TASK REQUIREMENTS -
Repeat the entries exactly as they appear.

DATA RECORDS -
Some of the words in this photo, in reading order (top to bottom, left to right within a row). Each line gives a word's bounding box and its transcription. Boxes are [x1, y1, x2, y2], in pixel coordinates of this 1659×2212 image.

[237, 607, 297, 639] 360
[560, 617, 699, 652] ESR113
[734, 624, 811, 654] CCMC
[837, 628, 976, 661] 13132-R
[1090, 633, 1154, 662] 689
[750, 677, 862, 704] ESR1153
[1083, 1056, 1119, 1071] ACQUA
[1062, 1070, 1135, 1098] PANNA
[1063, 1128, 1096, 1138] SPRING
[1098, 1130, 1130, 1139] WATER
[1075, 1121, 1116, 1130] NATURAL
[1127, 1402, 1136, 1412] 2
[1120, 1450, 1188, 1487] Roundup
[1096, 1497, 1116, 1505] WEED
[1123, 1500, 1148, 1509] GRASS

EXERCISE RESPONSE -
Some of the words in this photo, in reading order (top to bottom, left to right within a row). Each line gives a word's bounding box and its transcription. Boxes are [x1, y1, x2, y2], in pixel coordinates of this 1659×2212 image.

[237, 607, 297, 639] 360
[560, 617, 699, 652] ESR113
[734, 624, 811, 654] CCMC
[837, 628, 976, 661] 13132-R
[1090, 633, 1154, 662] 689
[750, 677, 862, 704] ESR1153
[1083, 1056, 1119, 1071] ACQUA
[1062, 1070, 1135, 1098] PANNA
[1063, 1128, 1096, 1138] SPRING
[1098, 1130, 1130, 1139] WATER
[1075, 1121, 1116, 1130] NATURAL
[1127, 1402, 1136, 1412] 2
[1120, 1450, 1188, 1487] Roundup
[1096, 1497, 1116, 1505] WEED
[1123, 1500, 1148, 1509] GRASS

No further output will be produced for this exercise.